Showing posts with label flowers. Show all posts
Showing posts with label flowers. Show all posts

Monday, 21 August 2023

INTENTIONAL BIRTHDAY JOY

In the weeks leading up to my birthday, I try to be intentional about my gratitude. Here I still am, loved. 



I tend to myself in the ways that will fill me up for the unknown times ahead. I took the bus into town, crossed Parker's Piece and stepped into a cosy salon for a massage with baobab oil - seed oil from the tree of life (they say). I tried to infuse colour with my nieces' tenth birthday balloons in the conservatory (slightly deflated, but with original illustrations), birthday nails the colour of birthday balloons… flowers everywhere… 


Mum made a roast chicken with sweetcorn, mushrooms and potatoes on the side… And our beloved friend Joan Church whisked up the legendary chocolate cake she knows I have loved since my first bite in hospital in 2009 while I was still being weaned off a feeding tube… she learnt it was my birthday at 5pm and by 7:30 she was at the door, a cake with still warm icing, fresh from the oven, in the boot of her car!

Over the next few days, other friends stopped by. Dr Kumar with plums and then tomatoes, Dr Ly with walnuts from Vietnam, Sammy stayed the weekend while there was a wedding in the family... and a week after my birthday, I fulfilled a literary challenge set down by my friend Firdaus - to pick up the threads of my novel again! 

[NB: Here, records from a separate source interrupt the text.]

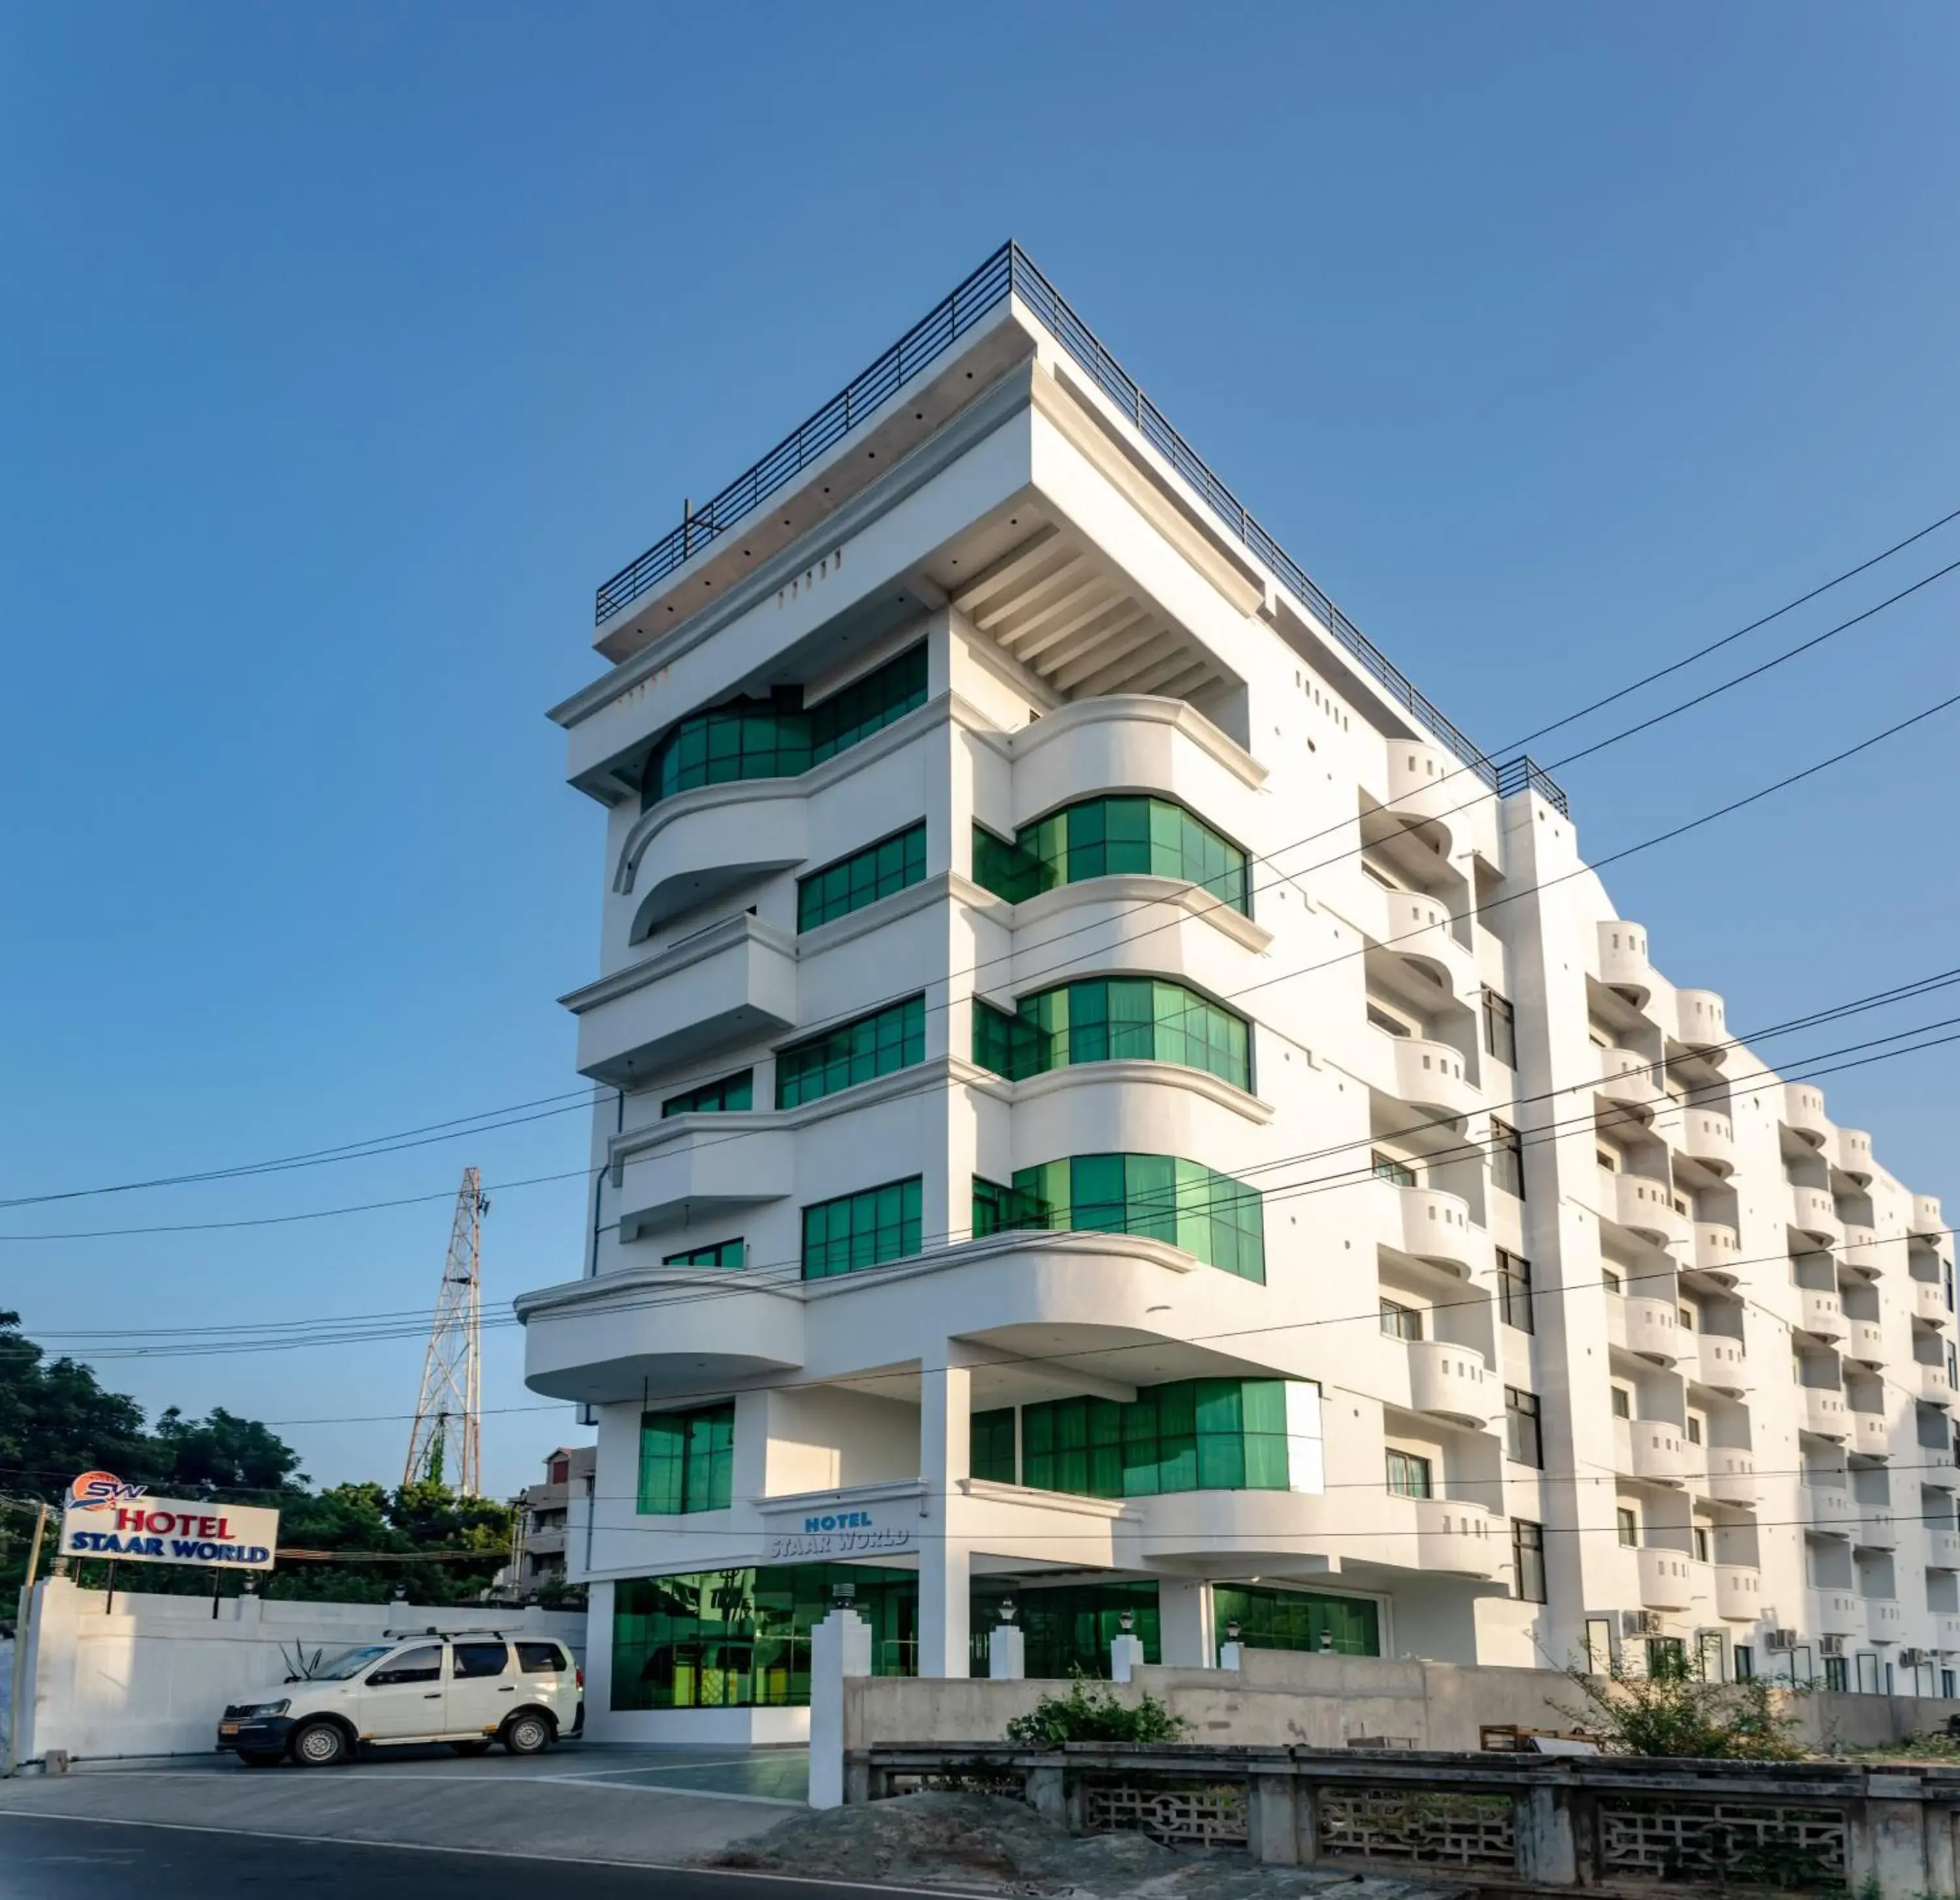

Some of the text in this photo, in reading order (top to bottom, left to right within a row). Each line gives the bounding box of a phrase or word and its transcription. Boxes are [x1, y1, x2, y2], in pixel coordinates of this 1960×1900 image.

[84, 1481, 148, 1498] SW
[116, 1508, 236, 1539] HOTEL
[804, 1512, 872, 1532] HOTEL
[72, 1531, 270, 1564] STAAR WORLD
[770, 1528, 909, 1558] STAAR WORLD

I sit in the conservatory and place a few sentences, a few words... like a few daubs of paint onto a canvas. A slow slow writer I am when it comes to fiction. Memoir and poetry come fast like trains and wind. A novel is slow pressure cooking for me. But if I don't keep at the cooking, a piece of my heart's desire continues to remain unfulfilled. So en avant! The poet warrior has work to do. A work of love, she hopes...



Friday, 22 May 2020

CARL GUSTAV IN MY GARDEN

Sometimes we hear the train, Dad and I, as we perambulate the length of the garden. Sometimes we  hear only wind. I see the tops of trees, ours, but not ours; they could be found anywhere, in any other clearing.

May is rounding out her month and soon June will be sent our way. Is your honeysuckle out? We have the scent of Syringha, planted for Shelagh...

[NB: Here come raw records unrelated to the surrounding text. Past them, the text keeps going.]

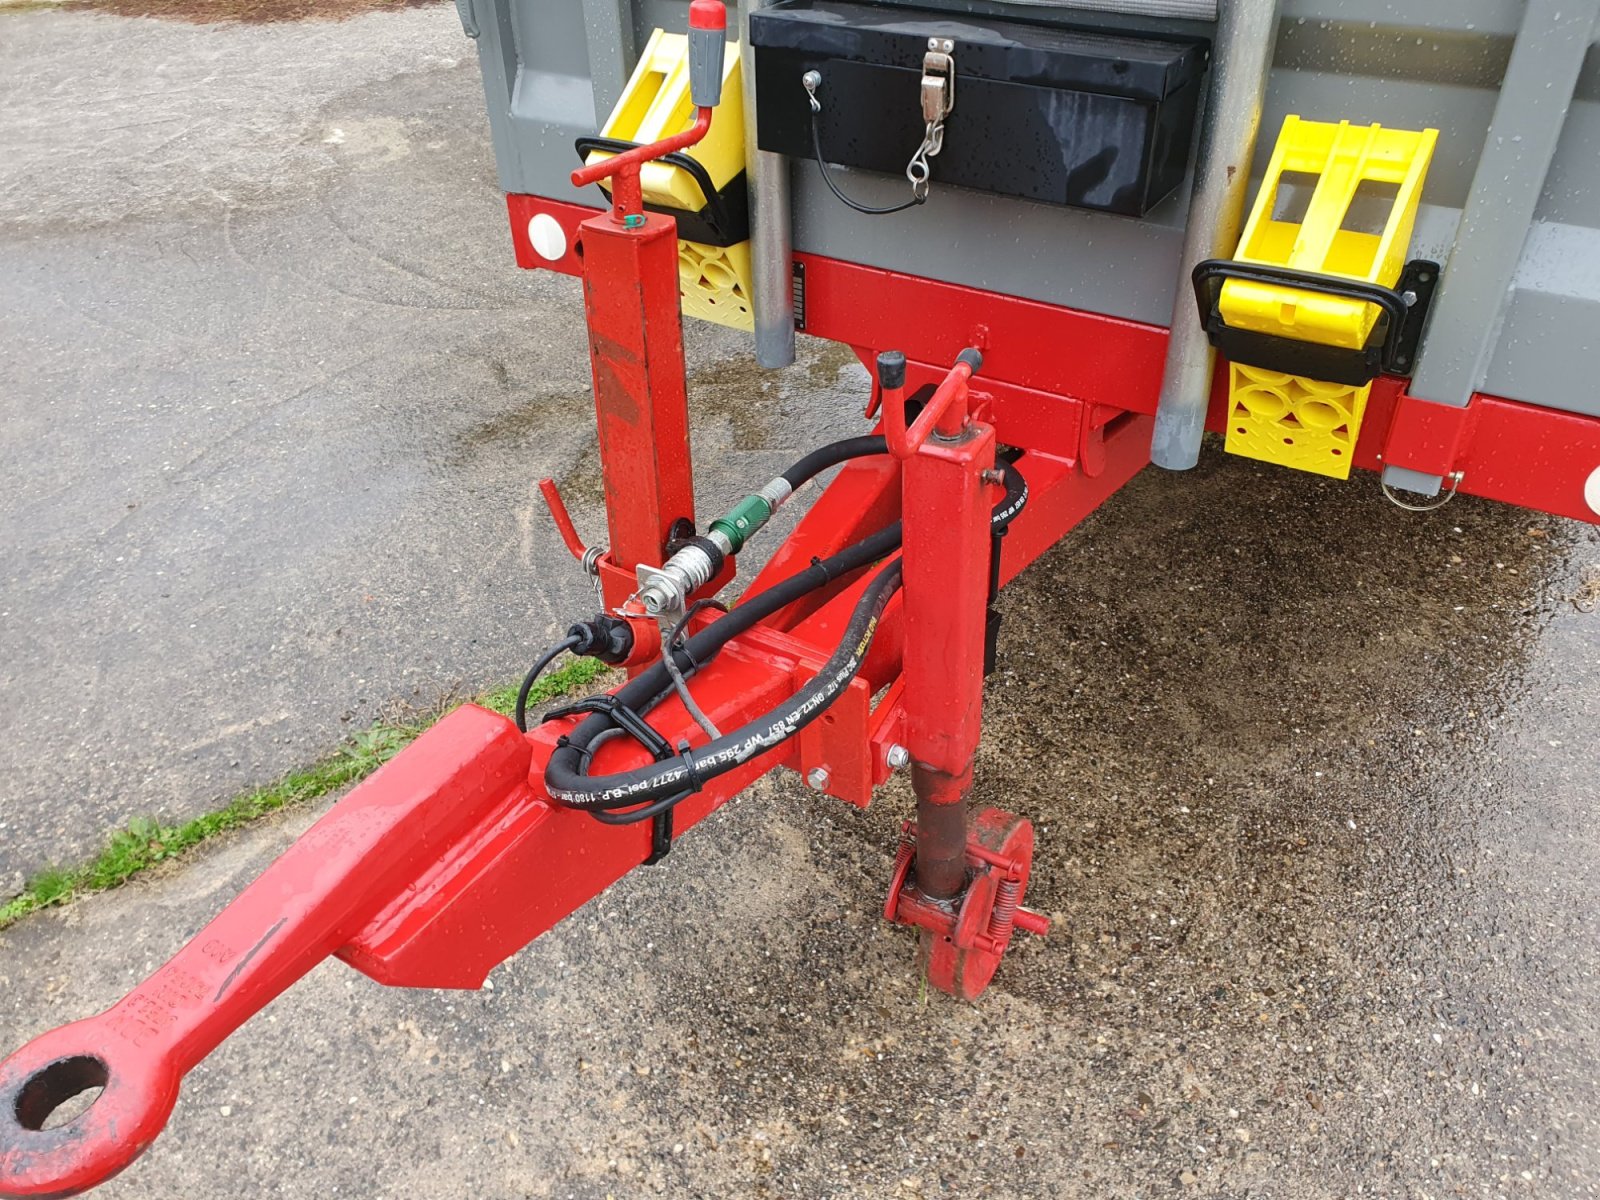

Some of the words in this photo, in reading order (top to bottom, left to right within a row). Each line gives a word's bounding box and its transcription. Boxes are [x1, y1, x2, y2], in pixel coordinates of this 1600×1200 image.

[836, 667, 850, 683] Plus
[768, 720, 785, 737] 857
[744, 733, 765, 750] WP
[718, 744, 741, 762] 295
[695, 756, 717, 771] bar
[653, 770, 682, 788] 4277
[628, 780, 648, 795] psi
[575, 793, 595, 803] 1180

I woke up this morning with a burning left eye, and now even after the sun has set, the rice is on the stove, and the song thrush is harmonising her final duets, I have the look of a badger about me.


Delftia some weeks ago, and now Klebsiella - ought I to take comfort in the strange fact that even my colonisations of bacteria have poetic names? My immunology nurse mentioned the word ‘strange’ over and over again. ‘These are strange times,’ she said. Strange, strange, strange.

My heart does funny loops and a bell is tolling like an echo in some distant yet ever near place. Do you hear this bell too? The Great Bell in Buddhism is a reminder to return to ourselves. This quieter bell seems more sinister, pulling us away from ourselves. To where?


I am reading Laurens Jan van der Post on his friend Jung. My dearest Colette sent me her copy of ‘Jung and the Story of our Time’. I feel I have already loosened the binding of this 1976 Penguin edition as I carry the book around with me, and move forward, and return to passages, and read aloud to Dad. ‘Hopkins! Schweitzer! Meister Eckehart!’ He hails these old friends as they are mentioned. Reading of the great ‘thuses of life’, what the fourteenth century Dominican mystic Meister Eckehart called istigkeit, the ‘isness’ of time and place, what Buddha called tathagata or ‘suchness’ - I am glad of mystery and the uncomfortable comfort of consciousness.

What are you reading now? And does it bring you comfort?


Wednesday, 19 April 2017

THE MYSTERY OF THE ORIGIN OF SEPSIS

Four days in a blue box and then suddenly, huge windows overlooking fields of gold, a giant chessboard and the brief sounds of children playing.


I have been admitted again. For the third time this year - and the manyth fever spike. The Mystery of the Origin of Sepsis continues to baffle. Is it Infection or is it The Lupus? The awful perennial question. For the doctors it is a problem that must be solved to avoid over treatment. For me, although I have an equally honed detective instinct, the clues all occur in the same body. The same mind must control the same fears and maintain a ninja like balance.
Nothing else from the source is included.